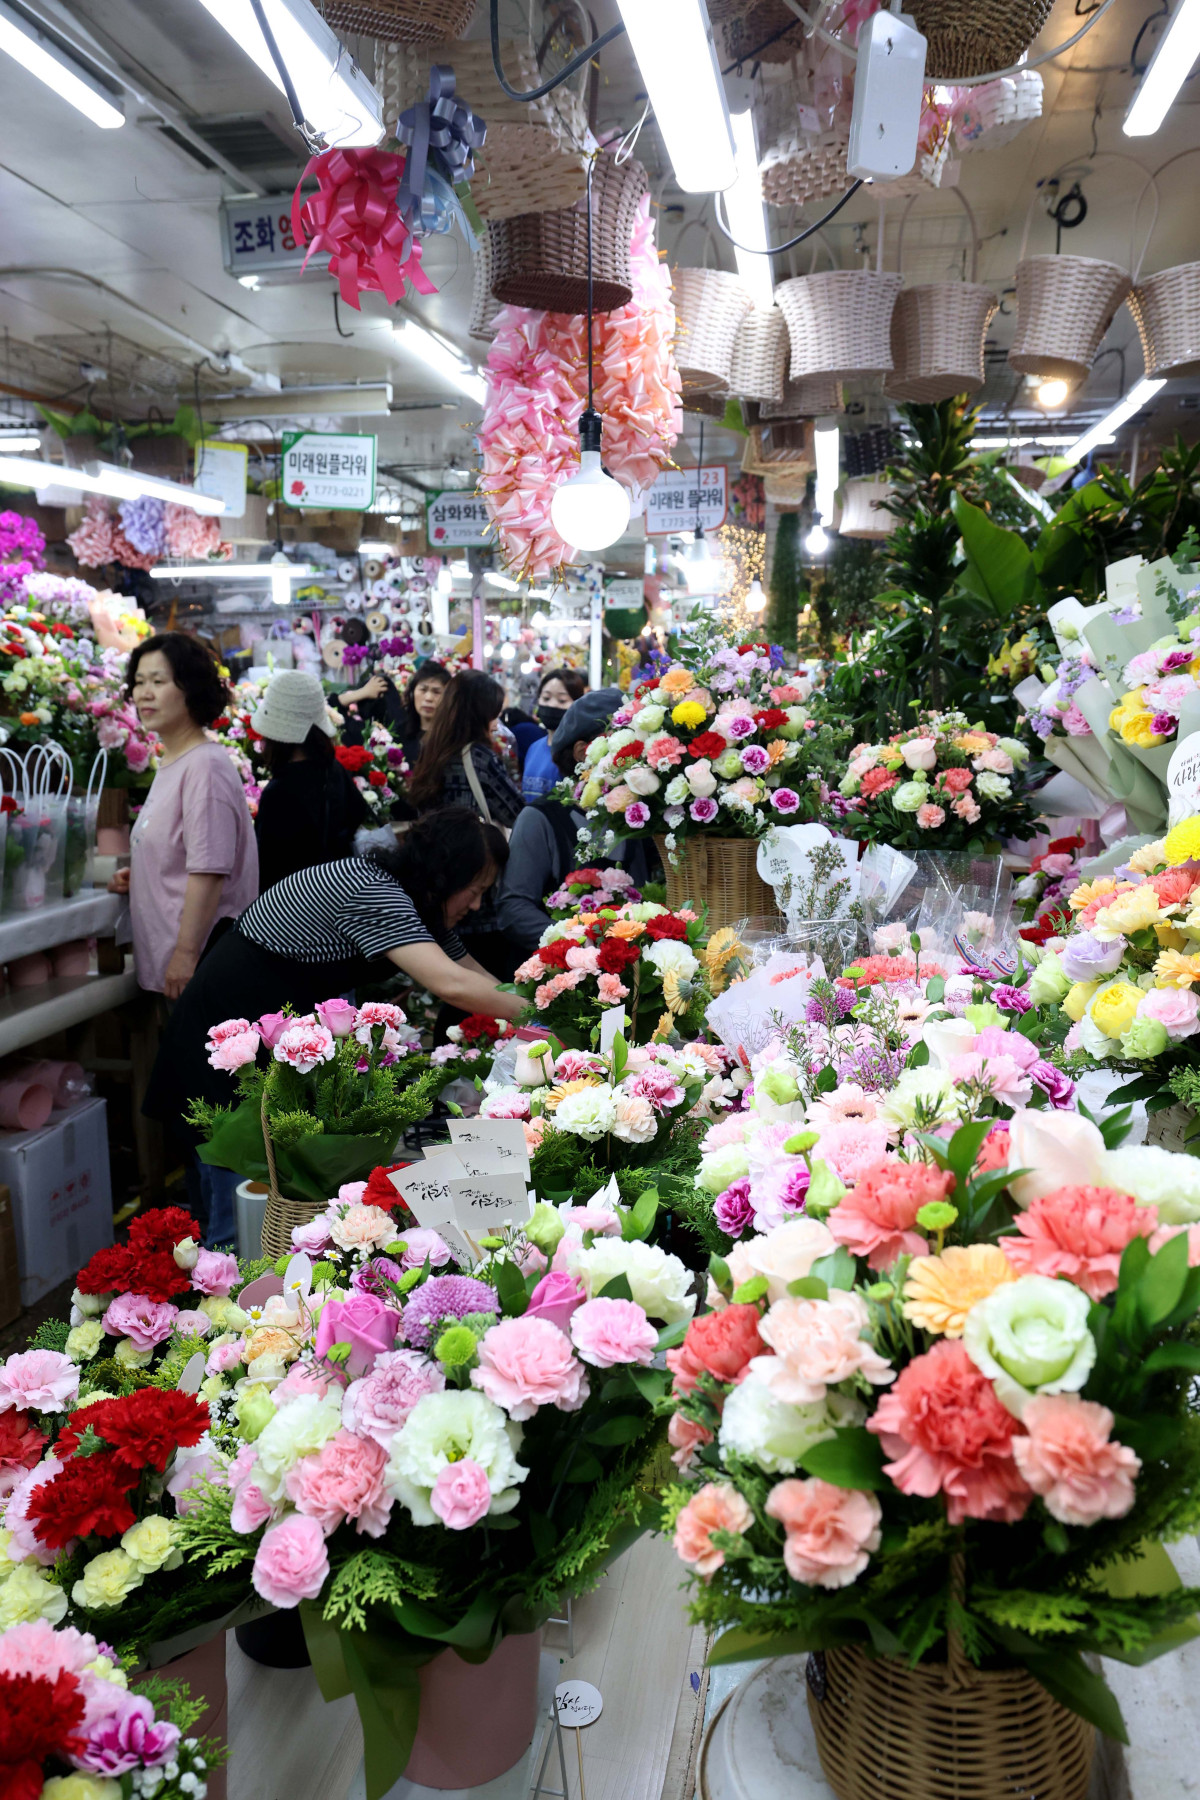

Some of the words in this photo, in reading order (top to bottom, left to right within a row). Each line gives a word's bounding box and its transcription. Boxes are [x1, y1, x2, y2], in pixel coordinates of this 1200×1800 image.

[234, 215, 275, 253] 조화
[289, 452, 367, 476] 미래원플라워
[702, 471, 720, 486] 23
[649, 490, 684, 510] 미래원
[687, 488, 723, 508] 플라워
[1174, 762, 1200, 787] 사랑
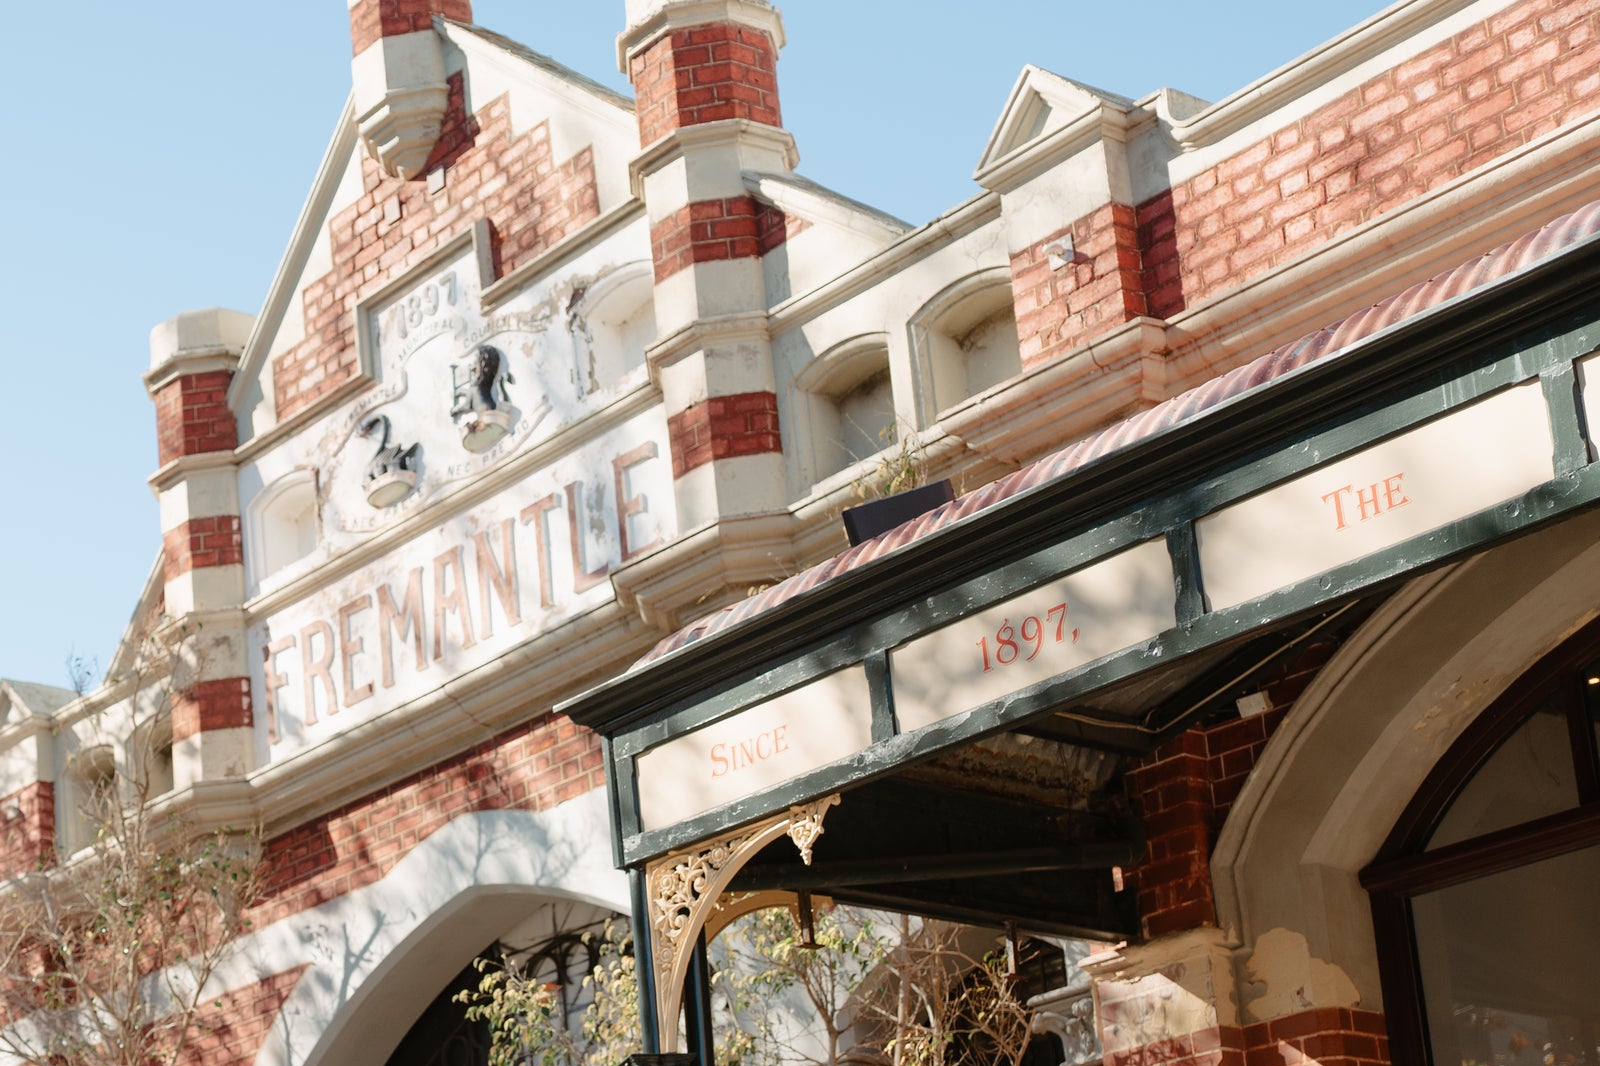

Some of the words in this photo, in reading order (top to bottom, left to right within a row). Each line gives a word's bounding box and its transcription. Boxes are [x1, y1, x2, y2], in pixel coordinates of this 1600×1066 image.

[397, 271, 457, 339] 1897
[448, 463, 472, 476] NEC
[483, 420, 529, 465] PREIO
[263, 441, 662, 745] FREMANTLE
[710, 724, 790, 777] SINCE
[976, 602, 1080, 673] 1897,
[1321, 472, 1412, 533] THE
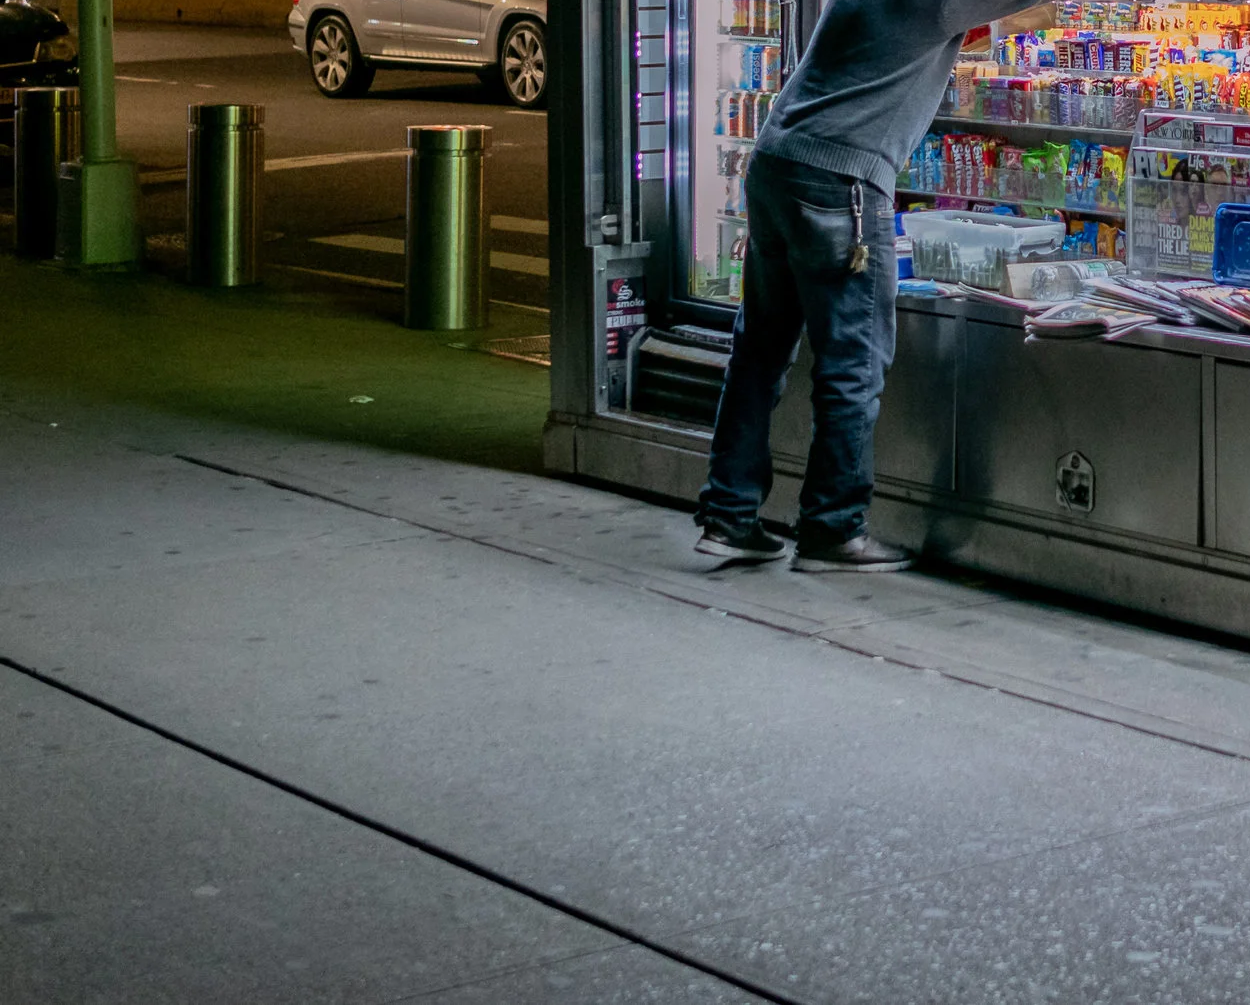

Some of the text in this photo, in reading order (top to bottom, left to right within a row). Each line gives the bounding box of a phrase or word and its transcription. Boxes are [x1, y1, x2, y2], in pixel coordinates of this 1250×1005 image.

[753, 52, 761, 81] pepsi
[1188, 154, 1204, 170] Life
[1159, 224, 1182, 239] TIRED
[1159, 239, 1174, 253] THE
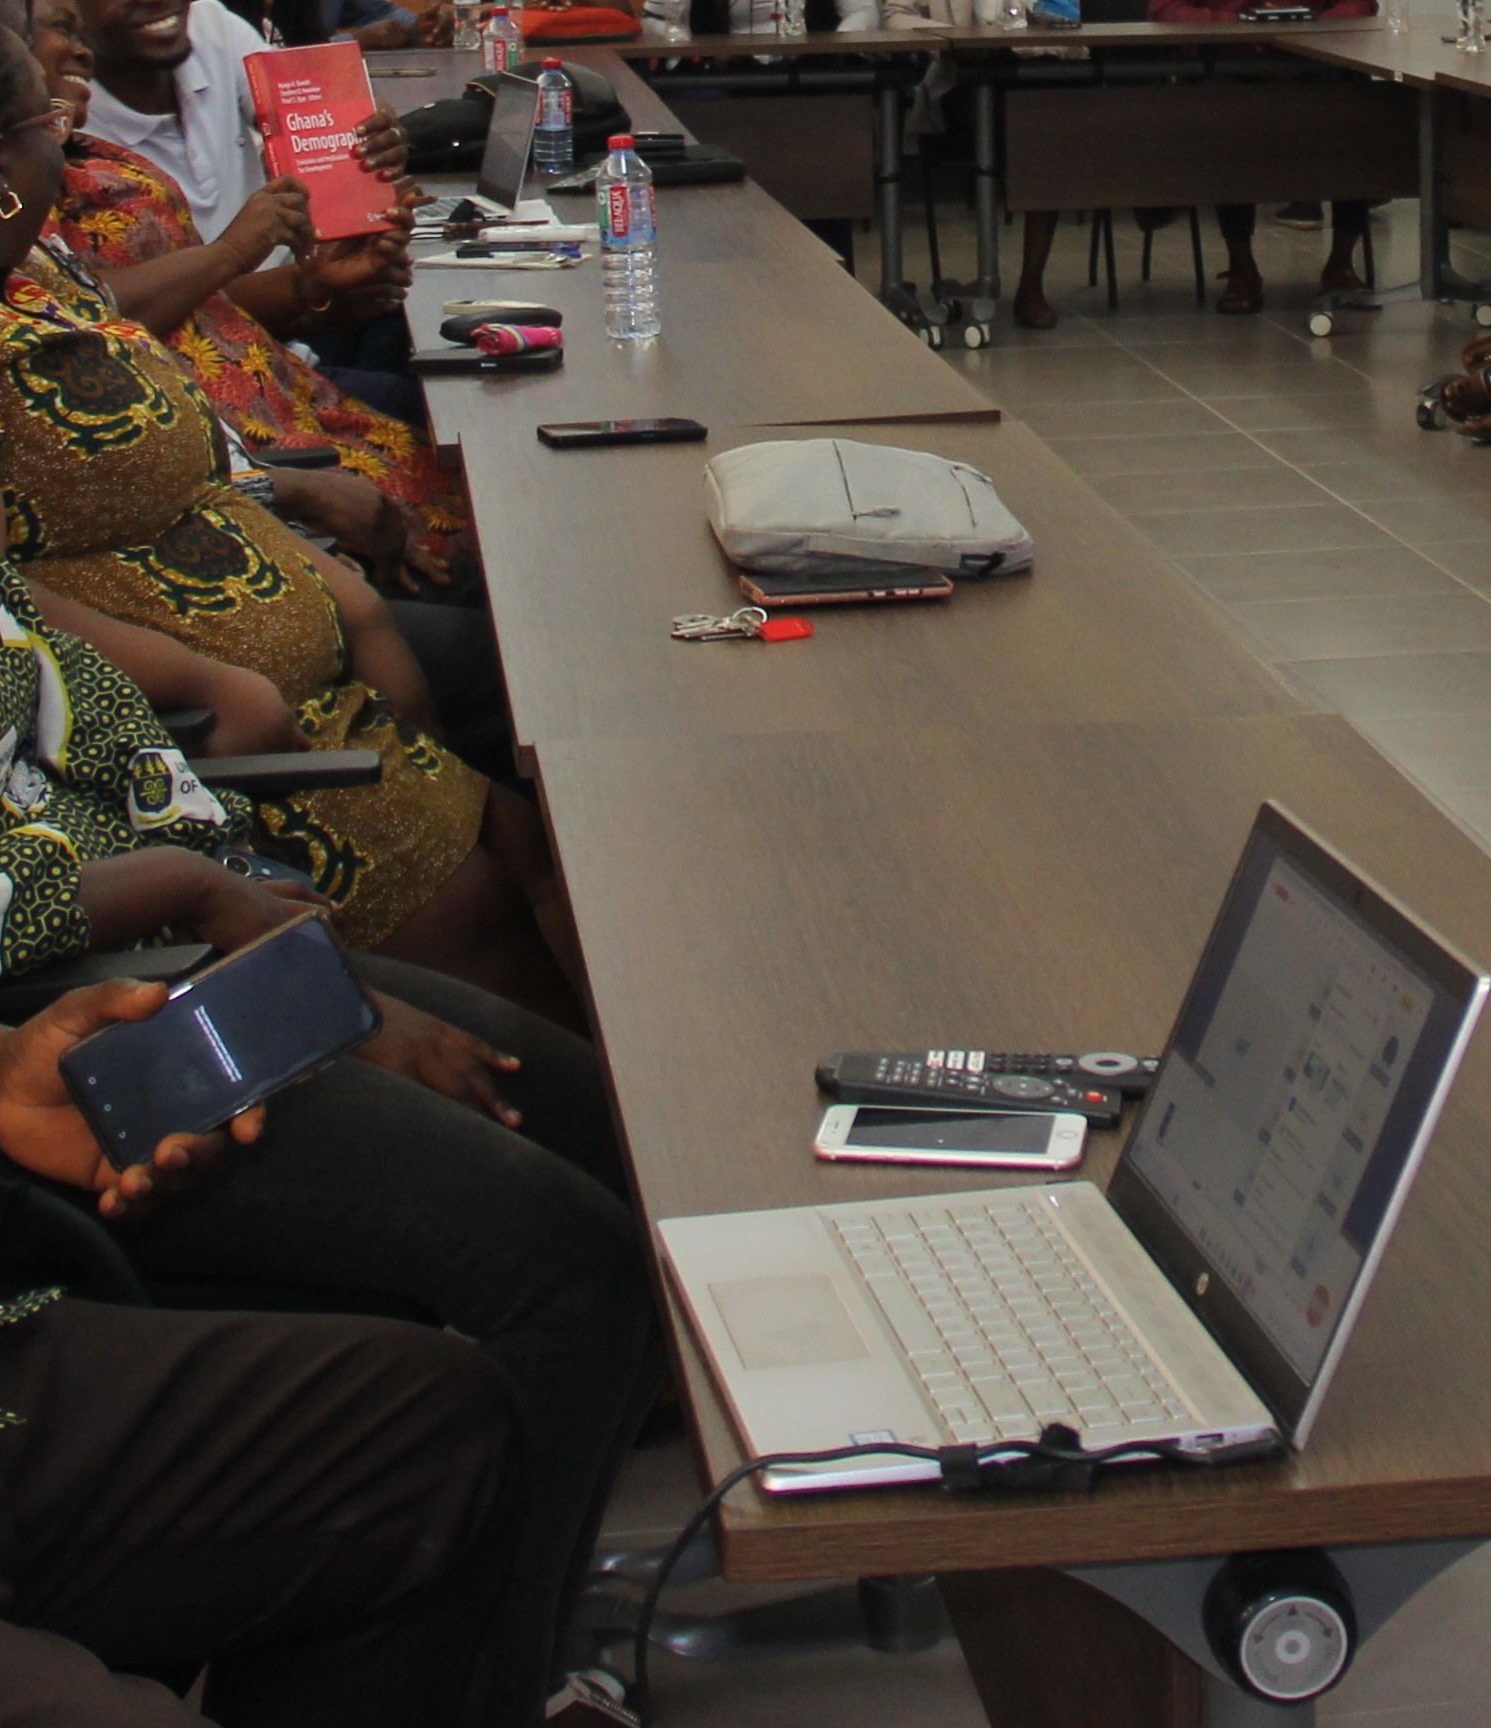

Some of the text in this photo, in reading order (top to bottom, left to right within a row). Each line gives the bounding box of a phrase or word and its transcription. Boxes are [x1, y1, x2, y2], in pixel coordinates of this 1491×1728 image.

[286, 109, 335, 132] Ghana's
[291, 127, 366, 153] Demograp
[180, 780, 198, 794] OF

## The task
Everything in the data above, apart from the pictures, should be retyped exactly.

## Written solution
Some of the words in this photo, in reading order (top to bottom, left to right within a row). Each line gives a word's bounding box and its transcription. Boxes are [x1, y1, x2, y2], in pixel coordinates of this 1200×1800 image.

[234, 215, 275, 253] 조화
[289, 452, 367, 476] 미래원플라워
[702, 471, 720, 486] 23
[649, 490, 684, 510] 미래원
[687, 488, 723, 508] 플라워
[1174, 762, 1200, 787] 사랑

Some of the words in this photo, in reading order (top to bottom, left to right within a row). Each line gives a word's bounding box and its transcription. Boxes are [x1, y1, x2, y2], in pixel coordinates of this 1600×1066 image.

[397, 271, 457, 339] 1897
[448, 463, 472, 476] NEC
[483, 420, 529, 465] PREIO
[263, 441, 662, 745] FREMANTLE
[710, 724, 790, 777] SINCE
[976, 602, 1080, 673] 1897,
[1321, 472, 1412, 533] THE

Some of the text in this photo, in reading order (top to bottom, left to right within a row). Each line gives the bounding box of a phrase or word and its transcription. Boxes are [x1, y1, x2, y2], in pixel coordinates of this 1250×1005 image.

[753, 52, 761, 81] pepsi
[1188, 154, 1204, 170] Life
[1159, 224, 1182, 239] TIRED
[1159, 239, 1174, 253] THE

Some of the text in this photo, in reading order (top to bottom, left to right within a row). Each line gives the bounding box of a phrase or word and its transcription. Boxes are [x1, y1, x2, y2], in pixel coordinates of this 1491×1728 image.

[286, 109, 335, 132] Ghana's
[291, 127, 366, 153] Demograp
[180, 780, 198, 794] OF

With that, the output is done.